Despite the impeccable credentials of many of those now advocating this vision of a world without nuclear weapons, many others are skeptical, in view of the state of world affairs. Over the past ten years, the number of countries with nuclear weapons has risen from six to nine, and, in all likelihood, will soon be ten. Wars and internal conflicts rage throughout Africa and Asia and relations among the largest powers, while not hostile, are not exactly friendly, either. Particularly troubling is the deterioration of relations between the United States and Russia. How can the world contemplate eliminating weapons believed by many to convey ultimate security in the face of this troubling global picture?

The answer lies in the Stimson Center’s motto: Pragmatic steps toward ideal objectives. The US Government should embrace the goal of zero nuclear weapons now, and pursue it seriously by working with other nations. Such a step could change the psychology and motivations of nuclear weapons aspirants. It would require serious efforts to set in place the international agreements, organizations, and processes necessary to eliminate these weapons safely and to ensure that nations do not cheat or suddenly break out from such an agreement.

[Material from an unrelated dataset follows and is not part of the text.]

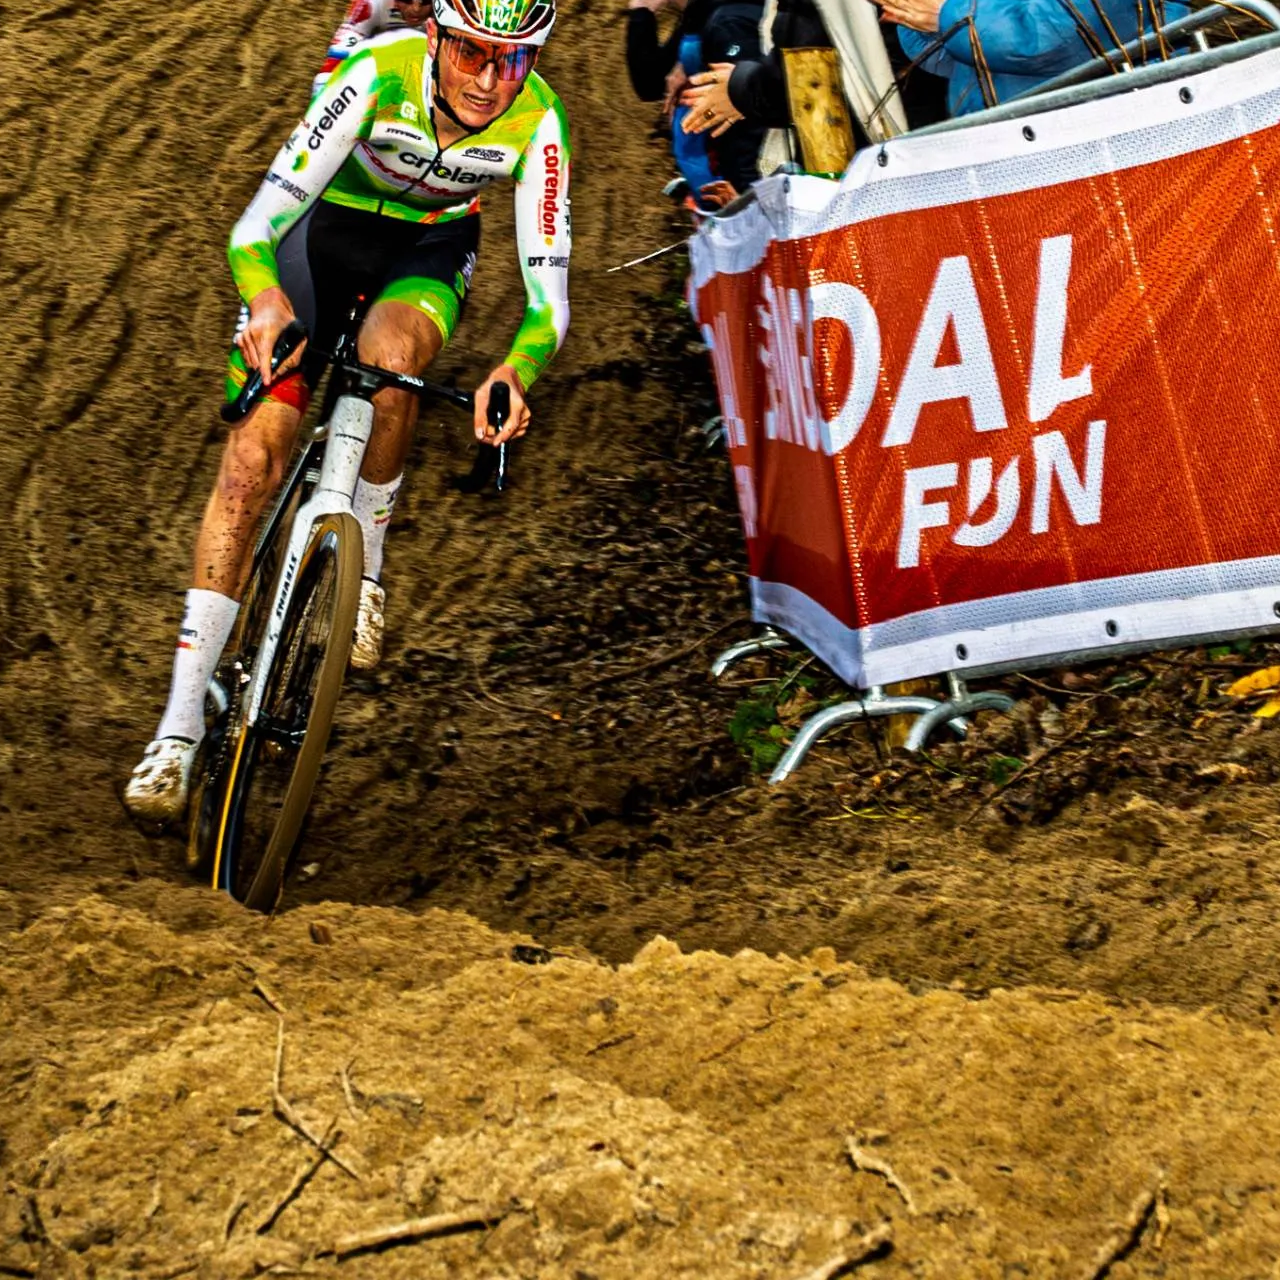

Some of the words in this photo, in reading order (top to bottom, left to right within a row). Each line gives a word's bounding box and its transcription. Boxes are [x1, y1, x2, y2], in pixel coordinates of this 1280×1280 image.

These measures include:

  • Declaring the stocks of nuclear weapon and special materials, as well as of their facilities to produce such items, by all nation states;


  • Strengthening the International Atomic Energy Agency so that it could audit these declarations and supervise the elimination process once it gets underway;


  • Revising the 1968 Non-proliferation Treaty, the primary international treaty now governing these matters, to (i) eliminate the current distinction between states permitted to have nuclear weapons and those not so permitted; (ii) re-committing all nations to eliminating nuclear weapons, this time by a date certain; (iii) guaranteeing all nations the right to nuclear power for civilian purposes; yet (iv) placing all nuclear fuel cycles under international control.


  • Establishing an automatic system of UN sanctions that would completely isolate any state cheating on the agreement and include the possibility of collective military action against that cheater.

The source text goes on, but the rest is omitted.